Avon Impulse, $6.99, ISBN 978-0-06-249781-9
Contemporary Romance, 2016
Please note that there are some spoilers in this review, as a big part of why this book works for me is due to the way the author resolves the issues between her hero and the heroine late in the story. I can use the red spoiler bar, but that will result in a review that is almost entirely hidden away. Rather unpleasant to look at. So, I’m just going to charge right ahead, and you should stop reading if you wish to avoid being spoiled.
Love on My Mind is a career woman keeping a secret from the hero story. Usually it’s a female journalist interacting with the hero, hoping to get a scoop that will make her career, only to fall in love with him in the process, but here, Chelsea Grant is a PR executive who is under a NDA to groom hot nerd Adam Bennett into a more media-friendly person. She approaches him under the guise of a very friendly and helpful new neighbor. Soon, they fall in love. What will happen when her secret comes out? If you have read this story, you know the routine. He gets mad, she quits her job, he takes her back, the end. This one follows the exact same route. Let’s just say that people shouldn’t be reading this story for fresh and innovative story lines.

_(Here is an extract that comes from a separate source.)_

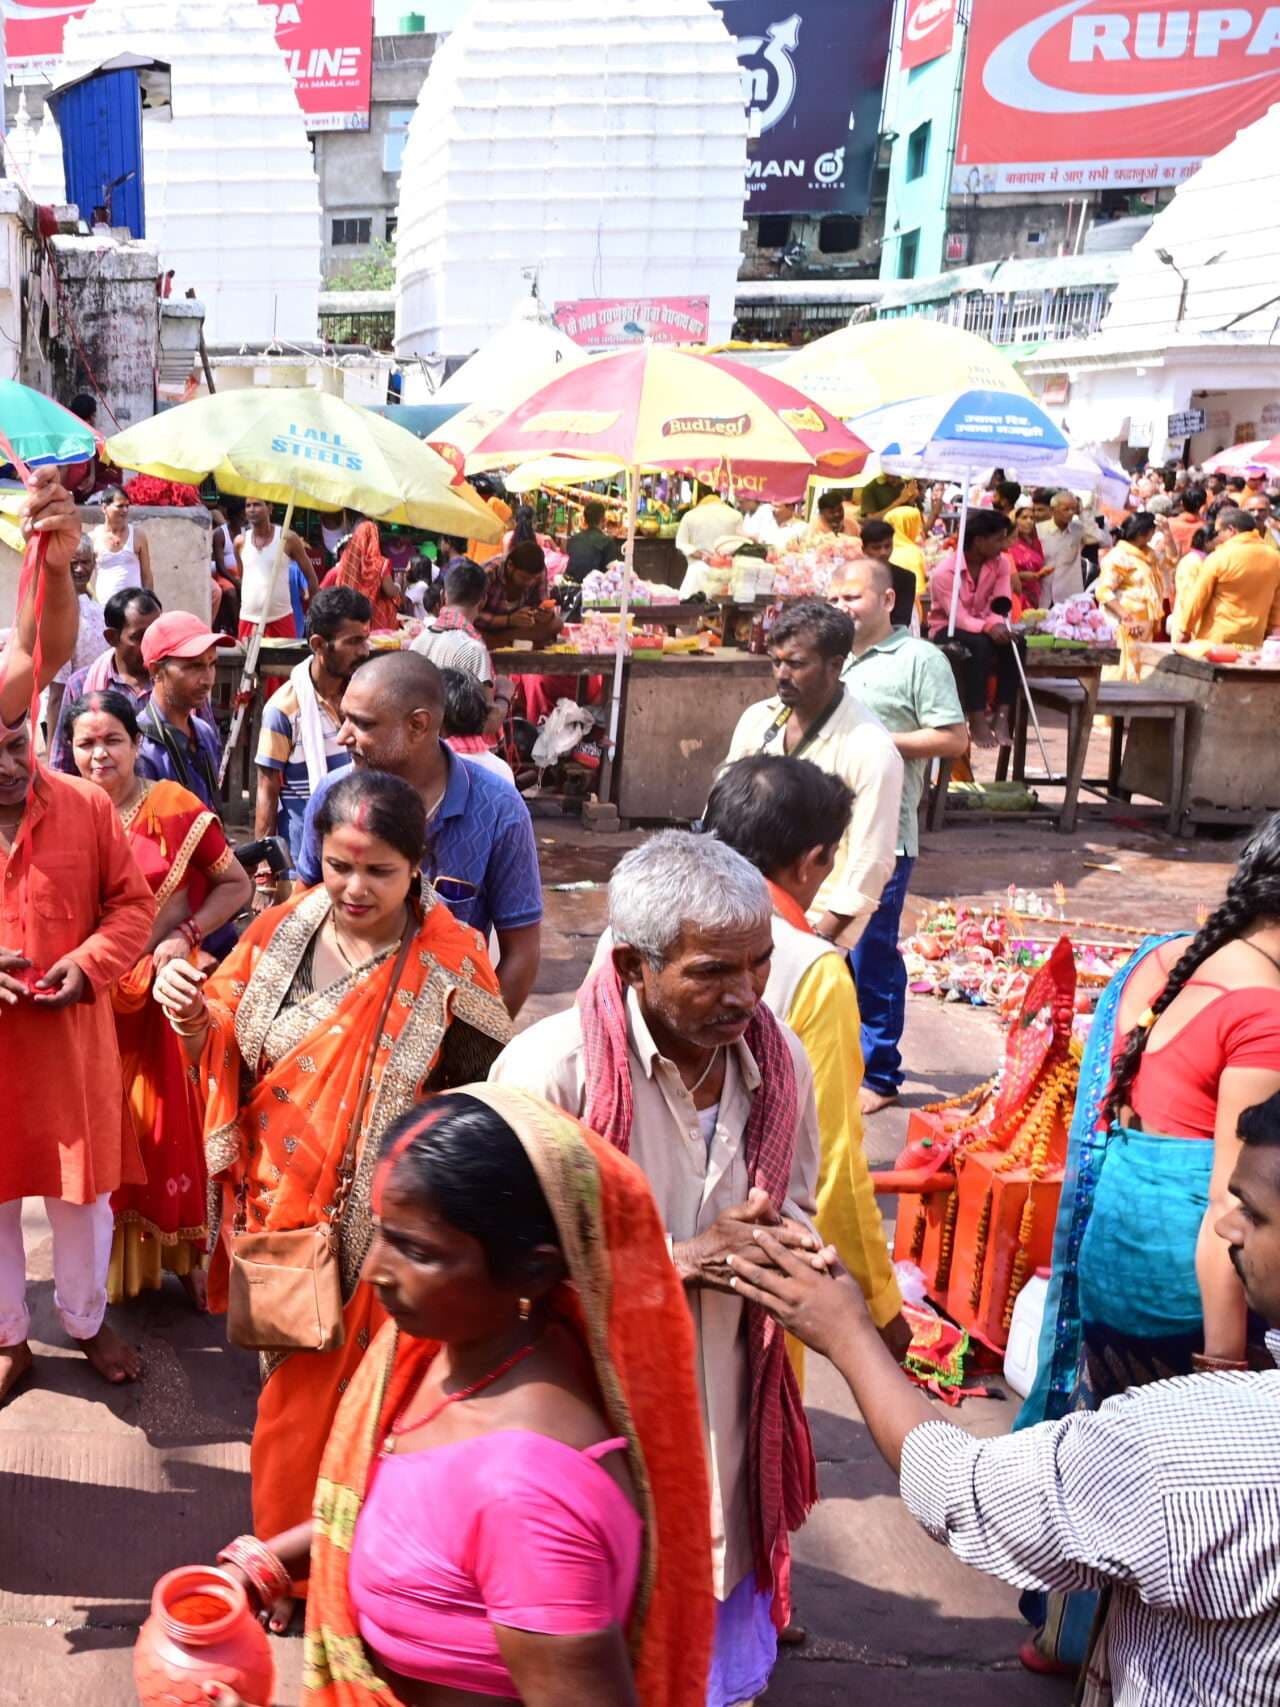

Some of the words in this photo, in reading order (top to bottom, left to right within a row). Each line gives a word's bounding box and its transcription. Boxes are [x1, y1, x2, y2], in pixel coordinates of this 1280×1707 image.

[288, 422, 348, 449] LALL
[669, 416, 747, 434] BudLeaf
[271, 437, 364, 472] STEELS

The characters seem dodgy at first too. Adam Bennett is another fake nerd. You know, the hot muscular guy who gets nerd status because he has a perma stubble and dabbles in IT. He’s also very arrogant, expecting to crow his achievements at every available opportunity, and doesn’t care that his products may not sell if he continues alienating the media. I know, this works for Donald Trump, but Adam is nowhere the showman that President Trump is: he’s just a surly, bad-tempered grouch who gives no hoot if his business fails and his employees go down as a result because it’s all about him. Chelsea is a capable heroine – thank goodness – but the author, perhaps worried that angry romance readers will crucify the heroine for daring to want to be good in her career instead of settling for less, saddles the poor woman with a sad childhood (slutty mom, childhood bullies, et cetera) to justify the poor dear’s ambitions.
And yet, when the story continues, the author unleashes her secret weapon: her devastatingly charming and apparently easy ability to create some really good chemistry for her main characters through a nice mix of amusing and believable banter, charming little moments, and believable sexual tension. The whole thing takes place in less than a month, but I think I can believe that the feelings are real. Once the story focuses on the romance, the story becomes a charming, sweet read.
Of course, the shoe has to drop, the hero gets mad, and the heroine gets teary-eyed as she hands in her resignation. Usually, this development has unfortunate implications, as it suggests that a woman has to choose between love and career, with no in-between, unlike the man who always gets to have it all without having to apologize for his ambitions. Here, however, the author handles everything much to my liking.
I roll up my eyes when the heroine resigns, but the author smartly ties this decision to the heroine’s own epiphany that her ambitions are tied to her need to overcome her childhood demons. Being a partner in a PR agency is not what she really wants – it’s what she thought she had to do. She’s already had an abundance of riches in her life: good friends, money, and such. When the author puts it this way, Chelsea’s resignation doesn’t seem like some clichéd development as much as an organic development that arises from her soul searching.
When the hero learns of her resignation, it isn’t taken as evidence of her sincerity or some rot. No, he sees this as evidence of how much of an asshole he has been to her. Very nicely played by the author, I have to say, and it’s especially good to have a hero who appreciates what the heroine can do in her line of work and does not want her to choose between him and her work. He also experiences an epiphany that lays the blame mostly – and rightly – on his own overreaction to the grand reveal, and thus, when these two reunite for the happily ever after, I think they will be alright. That happily ever after scene in the last chapter normally will be a little too sweet for my liking, but given what happened in the pages leading to that chapter, I find myself going, “Aww! These two are so adorable!” instead.
I had little expectations when I started reading Love on My Mind – Tracey Livesay is someone whose works I am unfamiliar with – but I end up having the time of my life with this one. It could use a better premise – I will always wonder what could have been if Chelsea had been open about being Adam’s Professor Higgins – but everything else is just fine, perfectly so, where I am concerned.